City tour aman. Melihat Arafah dan Mina saya terus berujar dalam hati, ya Allah panggil kami untuk berhaji :’)
Usai semua city tour, kami ke Masjid Ji’ronah untuk ambil miqot dan sholat sunnah dua rakaat. Lalu kembali ke hotel untuk makan siang. Jam setengah 3 sore, kami sudah janjian dengan muthawwif dan teman-teman lain untuk melaksanakan umroh.
Tawaf di sore hari cukup lengang. Lagi-lagi walaupun terik, untungnya hawa tidak panas. Jadi Alhamdulillah tidak ada dorong-dorongan seperti hari pertama.

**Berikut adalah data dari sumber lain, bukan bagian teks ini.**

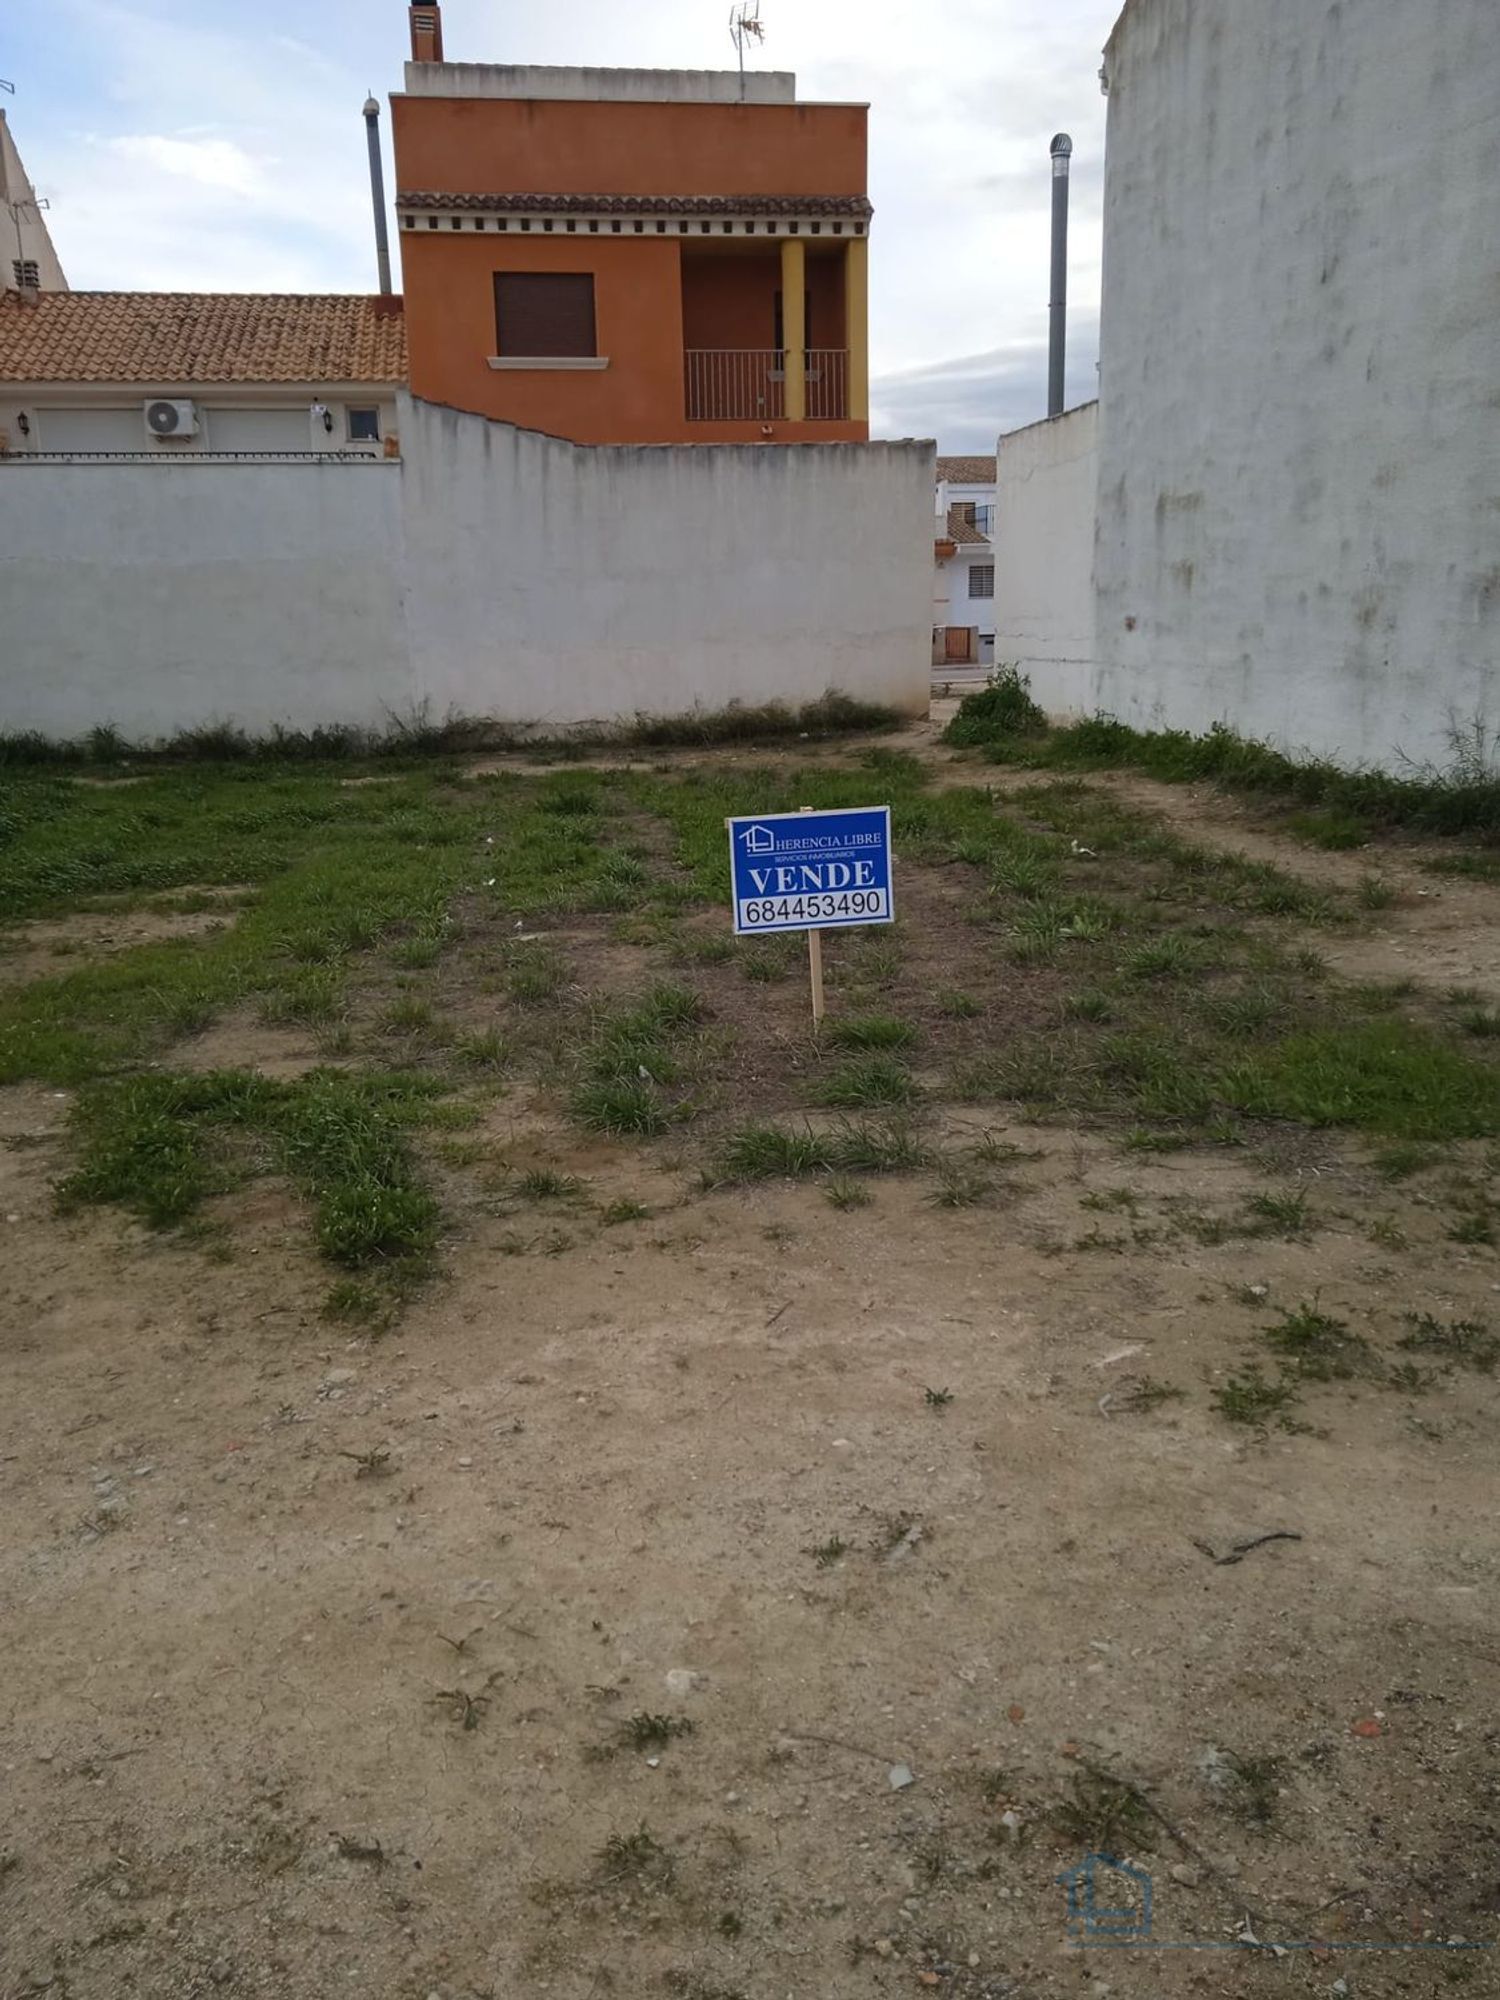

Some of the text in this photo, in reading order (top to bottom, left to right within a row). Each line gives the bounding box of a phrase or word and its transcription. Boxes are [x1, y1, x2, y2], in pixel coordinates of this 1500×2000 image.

Di proses Sa’i, air mata saya akhirnya jatuh
Selesai tawaf, berdoa, sholat dua rakaat, kami lanjut Sa’i. Putaran ke 5, saya benar-benar tidak tahan. Telapak kaki saya sangat perih. Rasanya sudah minim tenaga. Saya meminta suami berjalan perlahan. Kami pun terpisah dari rombongan yang sudah jauh. Mungkin juga sudah ketinggalan putaran.
Alhamdulillah terpotong lagi dengan sholat ashar. Setiap sholat pokoknya saya jadikan waktu istirahat. Saya mulai tidak tahan mengeluh. Kaki saya sakit. Suami pun agak emosi karena saya mengeluh. Di sinilah saya menangis. Menangisi kenapa saya selemah ini? Menangis berkali-kali memohon ampun pada Allah. Berjuta orang ingin ke tanah suci, saya malah mengeluh di sini. Saya juga minta maaf pada ayah. Saya ingin membadalkan, tapi kenapa malah mengeluh? Allah…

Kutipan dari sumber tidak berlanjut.